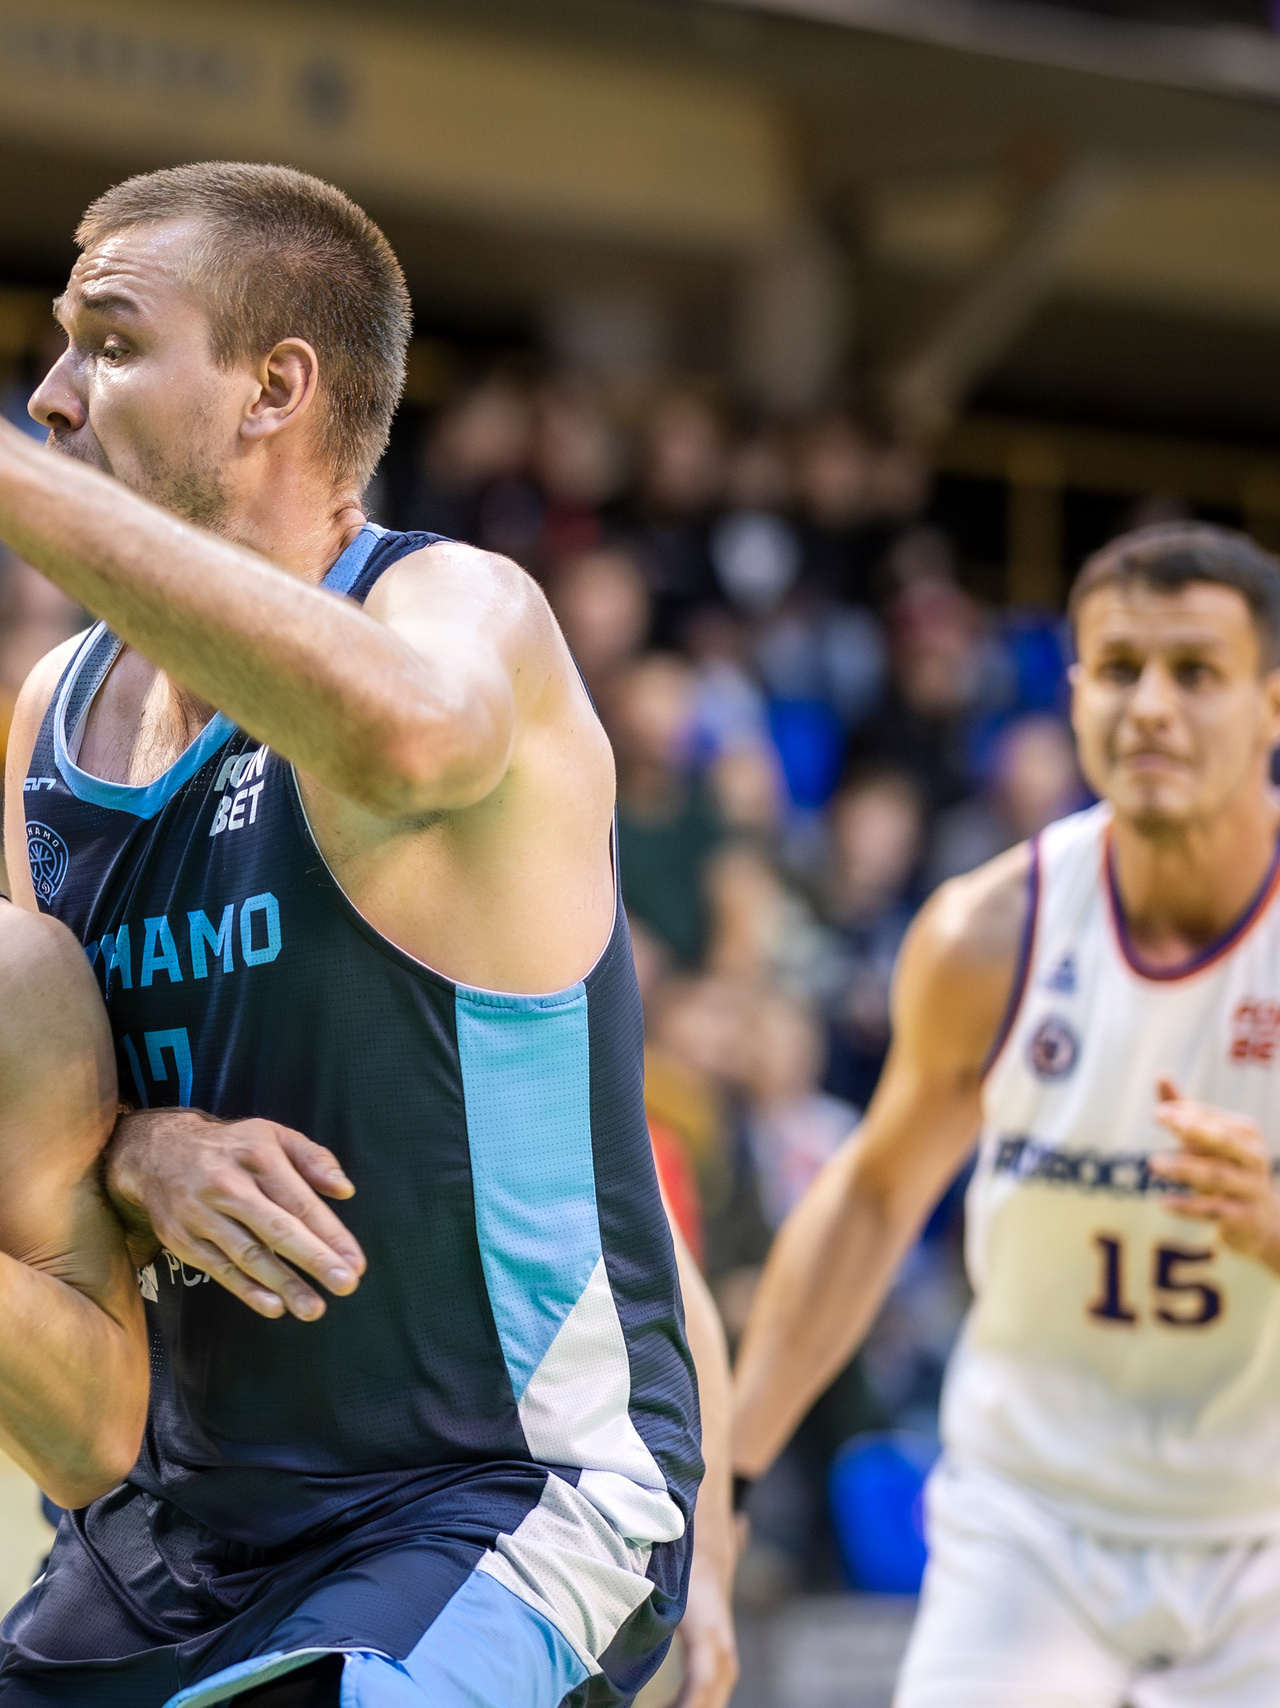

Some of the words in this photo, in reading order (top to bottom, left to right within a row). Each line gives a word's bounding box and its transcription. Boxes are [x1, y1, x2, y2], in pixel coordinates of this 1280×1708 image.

[213, 743, 270, 792] FON
[208, 779, 265, 837] BET
[1083, 1228, 1227, 1334] 15
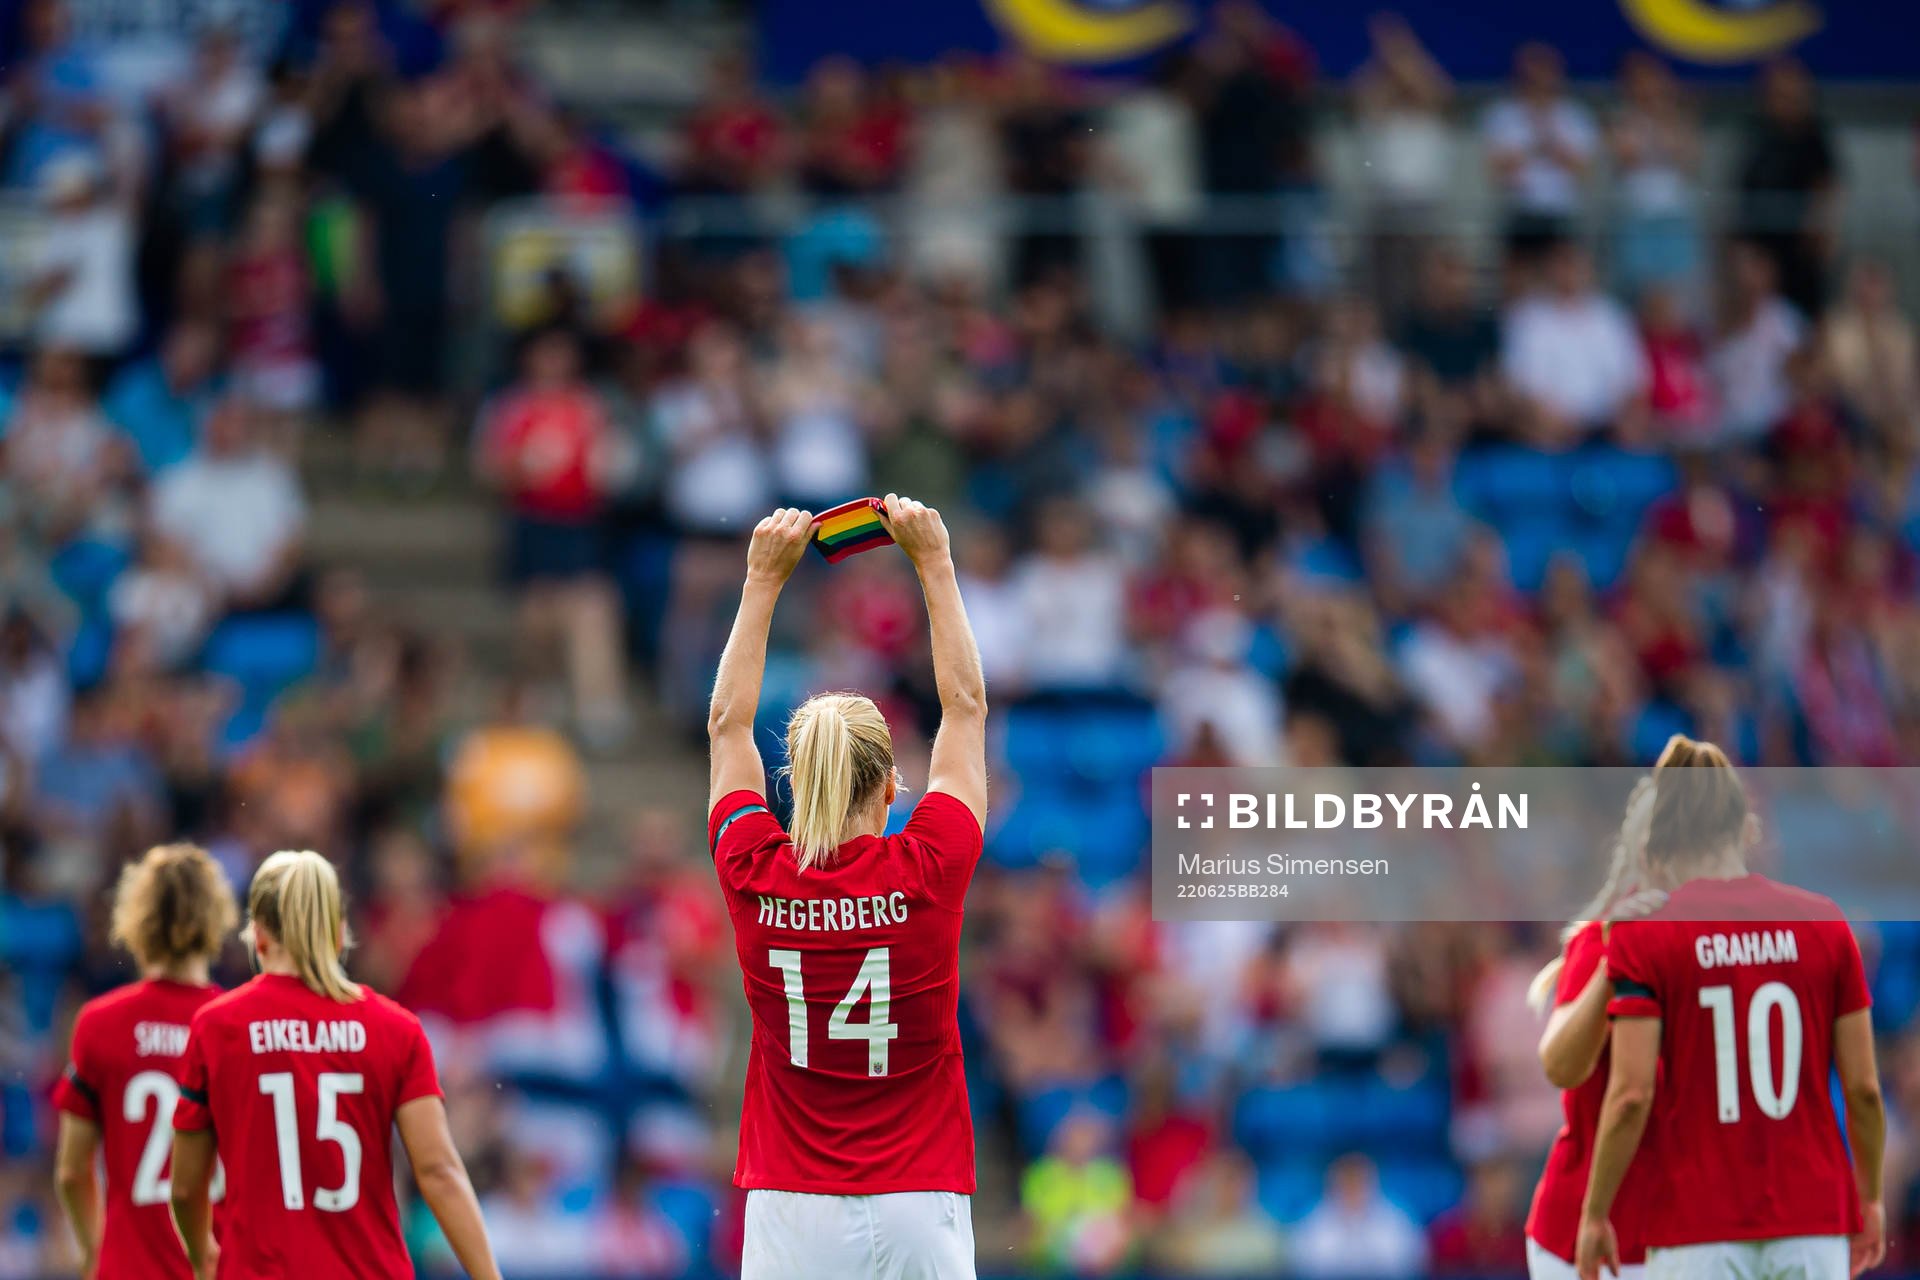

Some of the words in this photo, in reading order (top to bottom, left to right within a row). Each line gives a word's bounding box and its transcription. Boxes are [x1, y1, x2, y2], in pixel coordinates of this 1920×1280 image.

[757, 891, 909, 932] HEGERBERG
[1695, 929, 1799, 970] GRAHAM
[248, 1019, 367, 1054] EIKELAND
[768, 947, 899, 1078] 14
[1698, 981, 1803, 1124] 10
[123, 1070, 227, 1206] 2
[258, 1072, 365, 1212] 15
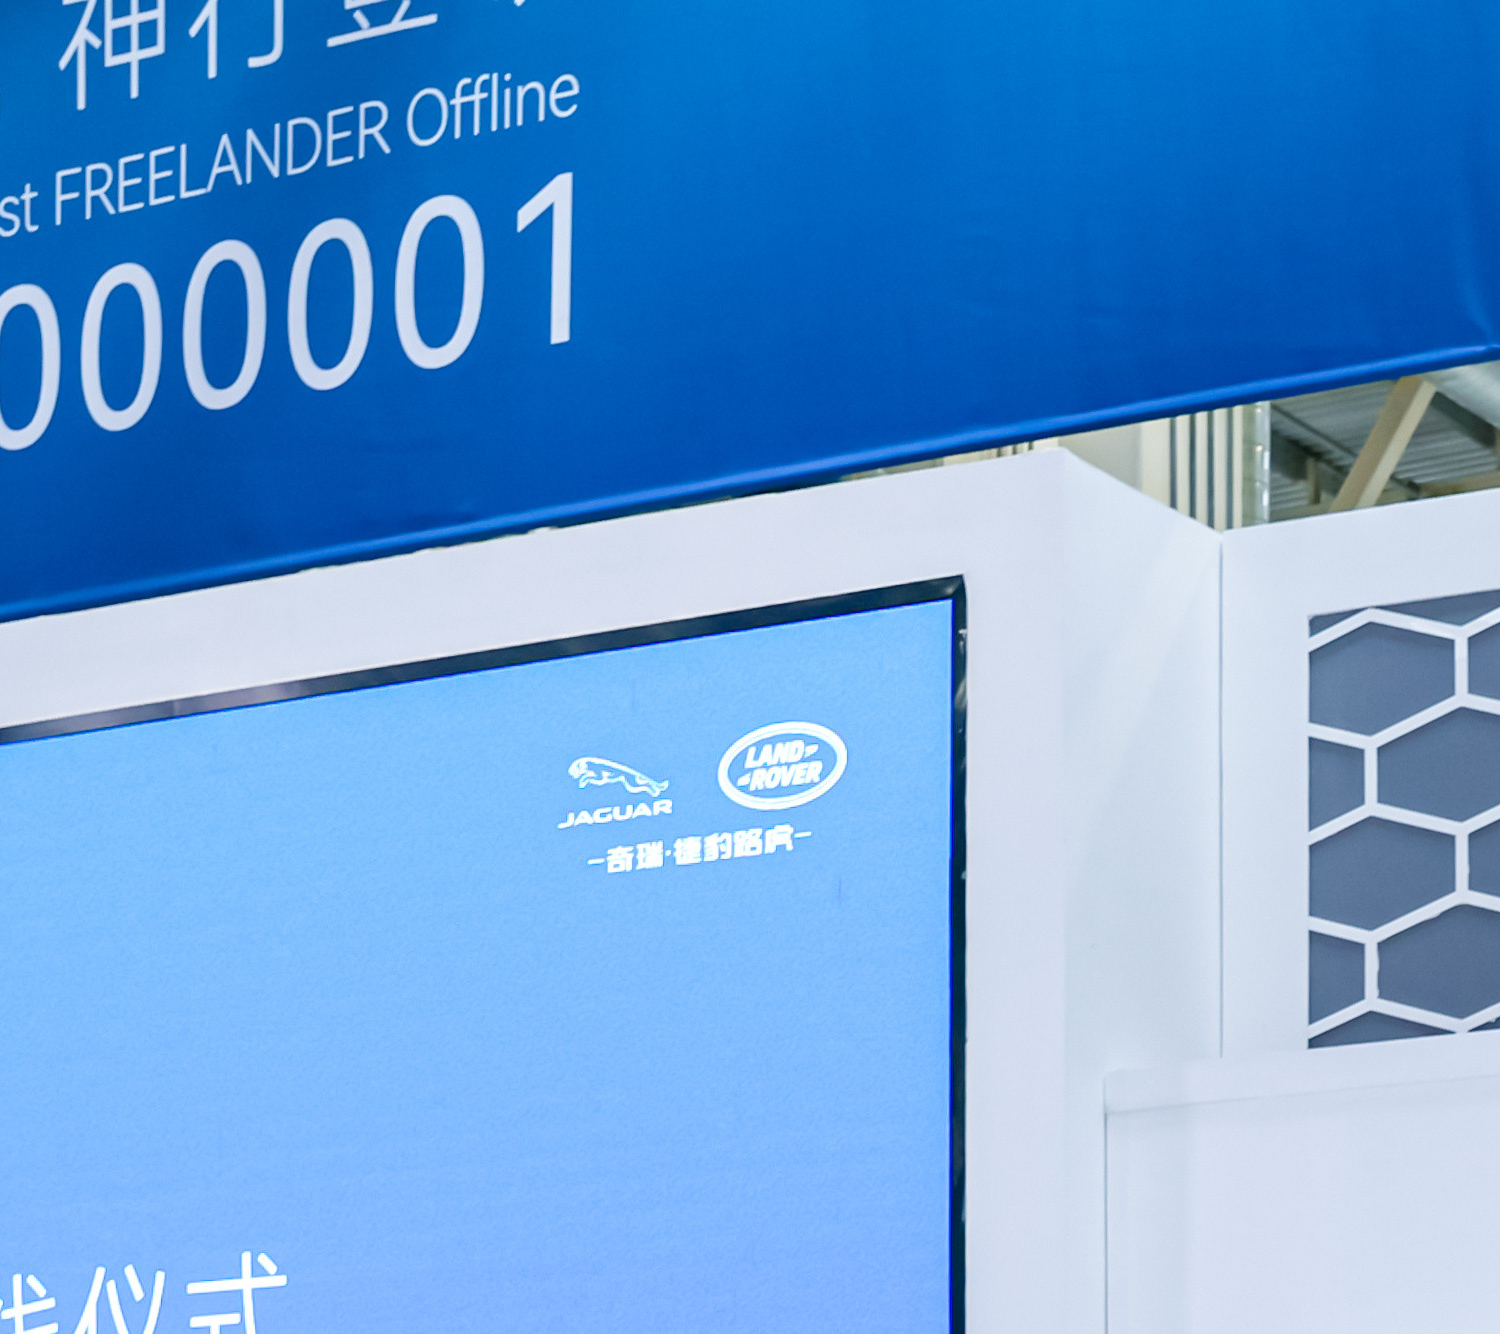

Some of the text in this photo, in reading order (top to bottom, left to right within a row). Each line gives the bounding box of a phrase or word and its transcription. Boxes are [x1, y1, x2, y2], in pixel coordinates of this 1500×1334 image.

[55, 100, 391, 226] FREELANDER
[406, 72, 580, 147] Offline
[743, 740, 805, 769] LAND
[749, 761, 823, 791] ROVER
[557, 799, 673, 829] JAGUAR
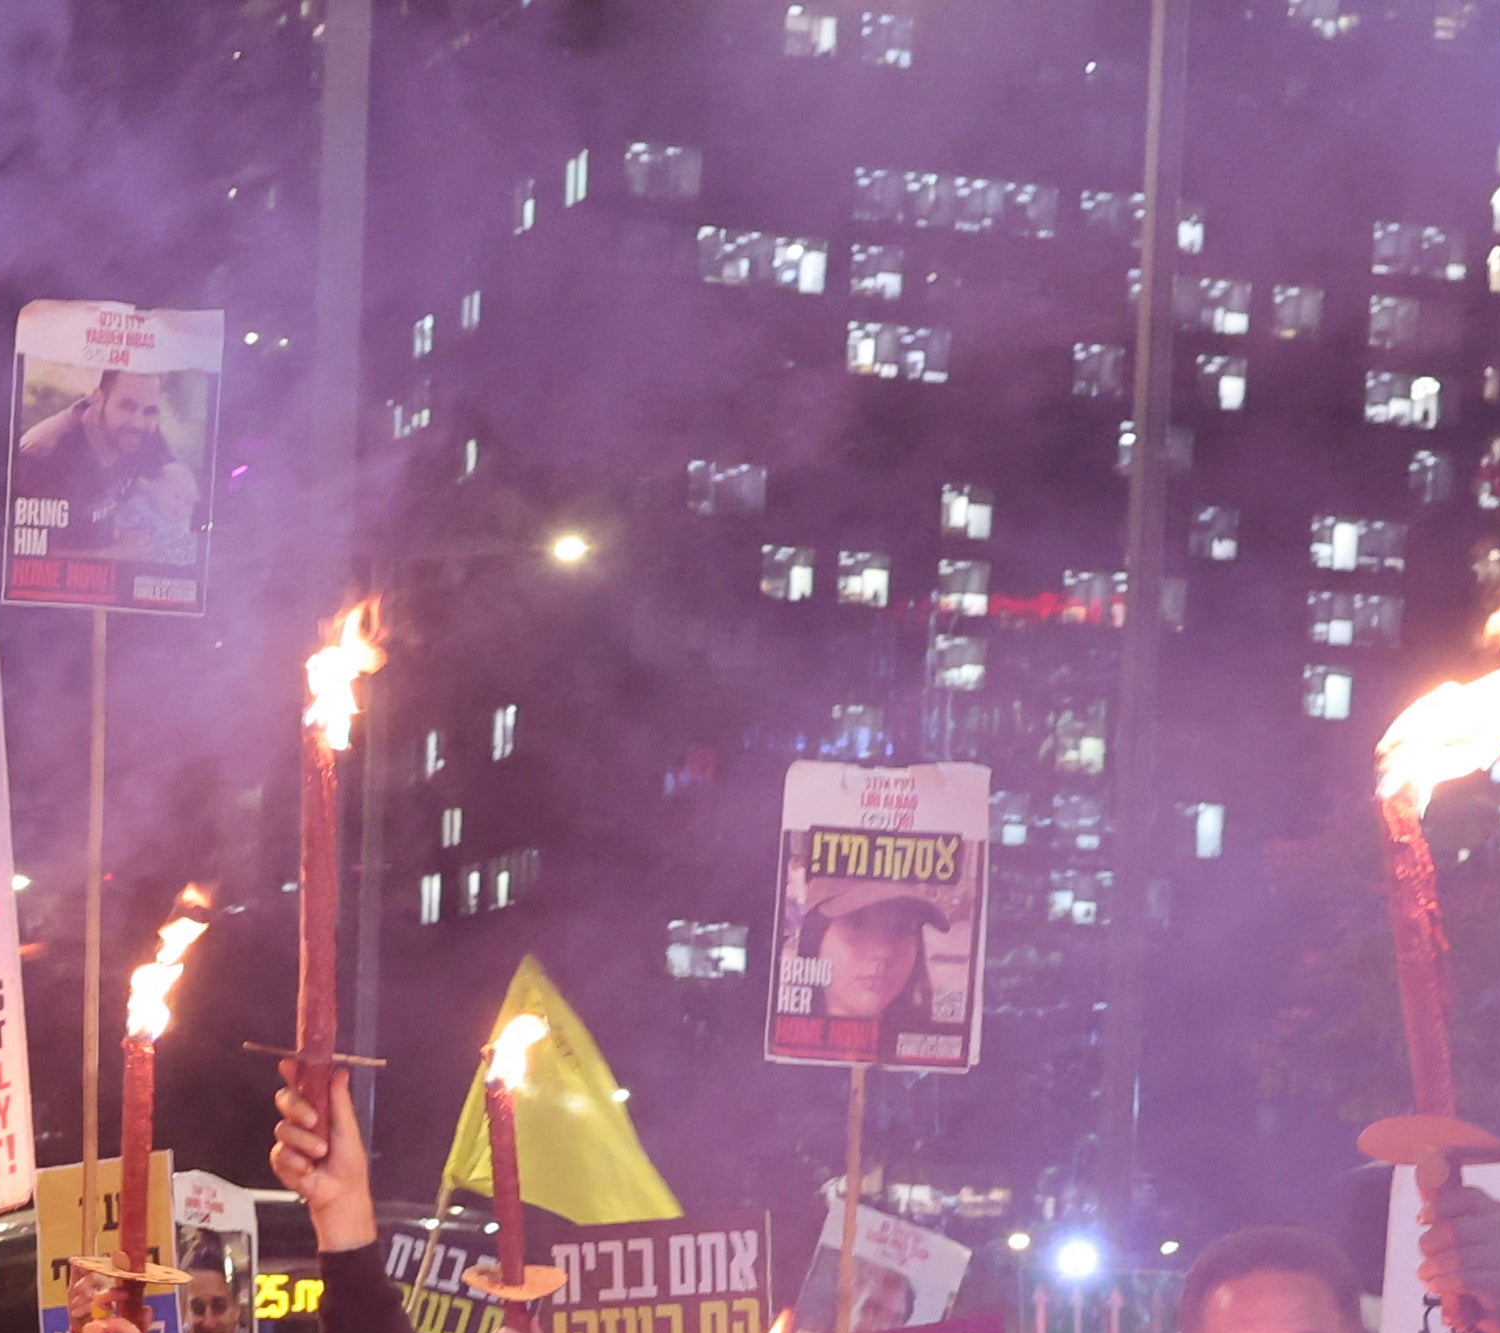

-*-

▶ Problem to solve: Starting with the top line, write out all the data above exactly; keep the pictures out.

▶ Result below:
Some of the words in this photo, in reading order (top to bottom, left to right within a row). Each line gives a word's bounding box and its transcription. Boxes are [x1, y1, x2, y2], in pixel coordinates of this 1280×1708 image.

[213, 743, 270, 792] FON
[208, 779, 265, 837] BET
[1083, 1228, 1227, 1334] 15

Some of the words in this photo, in reading order (top to bottom, left to right within a row). Each line gives a word's bounding box and its transcription. Boxes are [x1, y1, x2, y2], in pixel coordinates of this 1920×1280 image.

[757, 891, 909, 932] HEGERBERG
[1695, 929, 1799, 970] GRAHAM
[248, 1019, 367, 1054] EIKELAND
[768, 947, 899, 1078] 14
[1698, 981, 1803, 1124] 10
[123, 1070, 227, 1206] 2
[258, 1072, 365, 1212] 15

Some of the text in this photo, in reading order (top to bottom, left to right within a row). Each line gives the bounding box of a phrase or word and its transcription. Boxes are [x1, y1, x2, y2], in pixel coordinates of this 1500×1334 image.

[55, 100, 391, 226] FREELANDER
[406, 72, 580, 147] Offline
[743, 740, 805, 769] LAND
[749, 761, 823, 791] ROVER
[557, 799, 673, 829] JAGUAR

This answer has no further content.